DRUGS – YAY OR NAY??

Wow, two blogs in two days… I’m obviously on a role.

A week ago I had a conversation with a work colleague who claimed that when he took drugs he saw things so clearly and feels that drugs are not bad for you used in the right way.

I have been grappling with this ever since.

Now to be honest I’ve never smoked or taken drugs and I have a brother who used drugs excessively to the point of having a breakdown in his late 20s so I might be a little biased but I have never seen the necessity to take drugs.

Maybe in my younger years I wanted to lose weight and all those “diet pills” might have tempted me but I thought of my body and what I might do to it in the long run.

Today I have high blood pressure, high cholesterol and diabetes type 2 (due to my weight) but I have been attending Weight Watchers who are teaching how to eat well, adopt a healthy lifestyle and accept that I can change.  I am now healthier than ever, my blood pressure and cholesterol is down and my diabetes is definitely under control.

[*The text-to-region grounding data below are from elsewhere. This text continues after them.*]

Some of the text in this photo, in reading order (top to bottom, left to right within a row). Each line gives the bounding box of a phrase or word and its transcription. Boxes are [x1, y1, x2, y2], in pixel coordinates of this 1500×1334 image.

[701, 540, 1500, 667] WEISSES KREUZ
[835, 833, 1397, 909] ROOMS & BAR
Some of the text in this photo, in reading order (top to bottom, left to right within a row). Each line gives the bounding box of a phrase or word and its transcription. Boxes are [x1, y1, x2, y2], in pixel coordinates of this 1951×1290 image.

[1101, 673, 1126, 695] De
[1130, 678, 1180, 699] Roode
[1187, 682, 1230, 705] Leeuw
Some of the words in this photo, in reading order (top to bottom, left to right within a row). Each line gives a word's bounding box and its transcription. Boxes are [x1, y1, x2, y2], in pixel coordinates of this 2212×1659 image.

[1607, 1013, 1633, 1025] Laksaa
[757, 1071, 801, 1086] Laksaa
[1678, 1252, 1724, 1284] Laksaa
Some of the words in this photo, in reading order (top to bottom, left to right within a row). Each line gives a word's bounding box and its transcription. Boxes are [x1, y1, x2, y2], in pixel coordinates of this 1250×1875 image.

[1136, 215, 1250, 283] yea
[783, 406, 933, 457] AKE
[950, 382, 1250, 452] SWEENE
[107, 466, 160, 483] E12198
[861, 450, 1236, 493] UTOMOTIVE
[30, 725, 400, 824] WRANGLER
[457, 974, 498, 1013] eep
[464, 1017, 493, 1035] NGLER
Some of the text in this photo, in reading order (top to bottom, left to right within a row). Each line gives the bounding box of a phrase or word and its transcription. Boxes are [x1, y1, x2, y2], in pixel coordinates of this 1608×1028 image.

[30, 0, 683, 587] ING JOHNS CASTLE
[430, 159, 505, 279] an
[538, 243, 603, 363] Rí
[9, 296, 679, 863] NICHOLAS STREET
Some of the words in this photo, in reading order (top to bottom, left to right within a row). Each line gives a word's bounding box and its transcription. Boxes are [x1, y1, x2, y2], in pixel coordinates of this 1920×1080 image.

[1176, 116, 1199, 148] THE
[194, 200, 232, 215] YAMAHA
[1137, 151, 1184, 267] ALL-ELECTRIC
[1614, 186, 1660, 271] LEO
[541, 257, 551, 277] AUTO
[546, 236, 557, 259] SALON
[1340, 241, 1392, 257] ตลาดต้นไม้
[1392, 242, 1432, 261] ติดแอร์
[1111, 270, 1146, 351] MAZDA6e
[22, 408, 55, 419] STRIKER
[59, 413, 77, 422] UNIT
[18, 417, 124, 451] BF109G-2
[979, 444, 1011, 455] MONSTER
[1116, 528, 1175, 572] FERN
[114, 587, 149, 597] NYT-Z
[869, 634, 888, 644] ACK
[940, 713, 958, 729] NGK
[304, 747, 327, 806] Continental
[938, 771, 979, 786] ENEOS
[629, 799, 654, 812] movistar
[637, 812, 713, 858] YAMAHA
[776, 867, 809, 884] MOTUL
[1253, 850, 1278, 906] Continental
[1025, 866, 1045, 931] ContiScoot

Having said all that I have used my brain in ways that give me peace, I meditate and adopt a positive and refreshingly upbeat attitude to life – meaning?  I don’t need drugs to give me clarity, in fact, the clarity comes from my optimism and faith that I am the best me of my life and I can be and do anything I like in this world even at 57.

Drugs are an option when you feel that there is no other option available to you and it’s a shame that it took a drug to make him see clearly but see what?  He’s still stressed, he has a young child and hasn’t had a decent night’s sleep in two weeks, he is constantly sick and has, at times, looked like he hates his life.  If you hate it so much, change it!!  But don’t depend on drugs for clarity otherwise your “Senior years” might be tempered with drug induced hazes.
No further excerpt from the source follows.